Then in the introduction to chapter 5, this same distinction is made. In chapter 12, verse 12, he refers to the enlightened one who is steadily engaged in contemplation. Then peace immediately follows the abandonment of desire. In chapter 18, verse 66 and chapter 7, verse 17: “The jnani, the man of knowledge, strives to reach the Lord – firm in the faith that he himself is the Lord Vasudeva and is no other than he. “He seeks Me only, the Supreme Brahman, as the highest goal.” There are many other such references in chapters 18 and 13.
The summary of this line of thought, which can be extracted from the references given, is that before rise of the Sankhya-buddhi, before the rise of the light from beyond the mind called prajna, the actions based on the idea of agency have to be performed, but with a detachment from the results.
Secondly, Samadhi Yoga is the practice of meditation taken to the point of samadhi, where the distinction between the meditator and the object of meditation is annihilated, until there is not merely a unity, but an identity. Holy Vyasa said the path of action comes first and then the other. Now he has to be devoted to knowledge.

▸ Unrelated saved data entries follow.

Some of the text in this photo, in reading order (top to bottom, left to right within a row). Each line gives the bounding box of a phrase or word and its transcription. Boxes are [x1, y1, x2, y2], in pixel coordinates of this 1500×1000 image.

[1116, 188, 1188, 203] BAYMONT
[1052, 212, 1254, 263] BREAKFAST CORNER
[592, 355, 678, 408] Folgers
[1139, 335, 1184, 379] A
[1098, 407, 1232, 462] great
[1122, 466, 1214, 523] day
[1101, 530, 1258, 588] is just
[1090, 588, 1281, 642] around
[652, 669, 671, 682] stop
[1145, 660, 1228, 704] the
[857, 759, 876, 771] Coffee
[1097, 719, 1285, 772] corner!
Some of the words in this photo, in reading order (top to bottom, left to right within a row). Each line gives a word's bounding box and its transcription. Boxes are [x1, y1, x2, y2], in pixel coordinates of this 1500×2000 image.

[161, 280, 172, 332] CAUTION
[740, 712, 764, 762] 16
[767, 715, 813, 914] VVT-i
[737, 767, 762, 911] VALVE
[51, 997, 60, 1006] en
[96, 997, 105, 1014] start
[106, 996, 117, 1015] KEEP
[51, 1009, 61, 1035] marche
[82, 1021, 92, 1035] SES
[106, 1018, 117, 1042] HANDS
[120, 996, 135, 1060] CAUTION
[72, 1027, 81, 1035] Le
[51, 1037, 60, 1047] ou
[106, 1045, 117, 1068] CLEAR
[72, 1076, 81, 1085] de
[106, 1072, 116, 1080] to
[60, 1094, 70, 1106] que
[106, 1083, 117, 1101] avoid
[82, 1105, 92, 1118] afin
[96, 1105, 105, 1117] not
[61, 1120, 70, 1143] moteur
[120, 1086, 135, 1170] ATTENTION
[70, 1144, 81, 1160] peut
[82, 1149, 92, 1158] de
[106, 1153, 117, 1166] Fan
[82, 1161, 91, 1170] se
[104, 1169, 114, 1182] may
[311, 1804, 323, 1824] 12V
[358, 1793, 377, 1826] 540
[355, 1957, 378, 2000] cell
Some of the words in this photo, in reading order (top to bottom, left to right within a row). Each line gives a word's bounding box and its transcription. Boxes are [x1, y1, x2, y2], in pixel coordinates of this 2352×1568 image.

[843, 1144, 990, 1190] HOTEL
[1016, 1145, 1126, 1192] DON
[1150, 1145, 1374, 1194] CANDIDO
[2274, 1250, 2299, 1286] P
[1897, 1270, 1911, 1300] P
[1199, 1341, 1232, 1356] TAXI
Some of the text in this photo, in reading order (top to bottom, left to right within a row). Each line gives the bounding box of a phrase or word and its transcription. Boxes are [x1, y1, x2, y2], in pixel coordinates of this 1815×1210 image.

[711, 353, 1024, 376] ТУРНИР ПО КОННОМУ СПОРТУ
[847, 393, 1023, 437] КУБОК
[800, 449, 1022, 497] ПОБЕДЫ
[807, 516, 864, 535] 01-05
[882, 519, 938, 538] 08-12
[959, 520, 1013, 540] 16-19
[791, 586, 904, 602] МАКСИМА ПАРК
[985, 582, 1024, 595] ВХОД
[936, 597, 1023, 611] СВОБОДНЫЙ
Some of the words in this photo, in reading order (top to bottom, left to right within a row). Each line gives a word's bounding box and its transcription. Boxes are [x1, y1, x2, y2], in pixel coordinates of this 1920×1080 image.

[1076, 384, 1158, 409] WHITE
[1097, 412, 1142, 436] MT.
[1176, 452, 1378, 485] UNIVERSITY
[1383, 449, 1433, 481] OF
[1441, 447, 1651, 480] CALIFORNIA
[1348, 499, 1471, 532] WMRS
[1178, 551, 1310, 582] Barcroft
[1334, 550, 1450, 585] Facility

Shri Shankara says that, classically, after the first flash of enlightenment, the man who has seen the Self, that man gives up most of his involvement in the world. This is one path.
Chapter 4, verses 19 and 20: “But there are others who, although they have reached this same stage, they find that, for different reasons, they still have duties in the world to fulfil. Finding that for some reason or other he cannot abandon action, he continues doing the actions as before with a view to setting an example to the world. There are those who no longer have selfish ends in view. The one who has seen the supreme Self doesn’t have any more the selfish ends of the small individual self.”
“For want of any selfish end in view he might give up action, but finding it impracticable to get away from action, he engages in action as before with a view to set an example or to avoid breaking the tradition. Such a man though engaged in actions, since he is full of the knowledge of the action itself, is really free from them.”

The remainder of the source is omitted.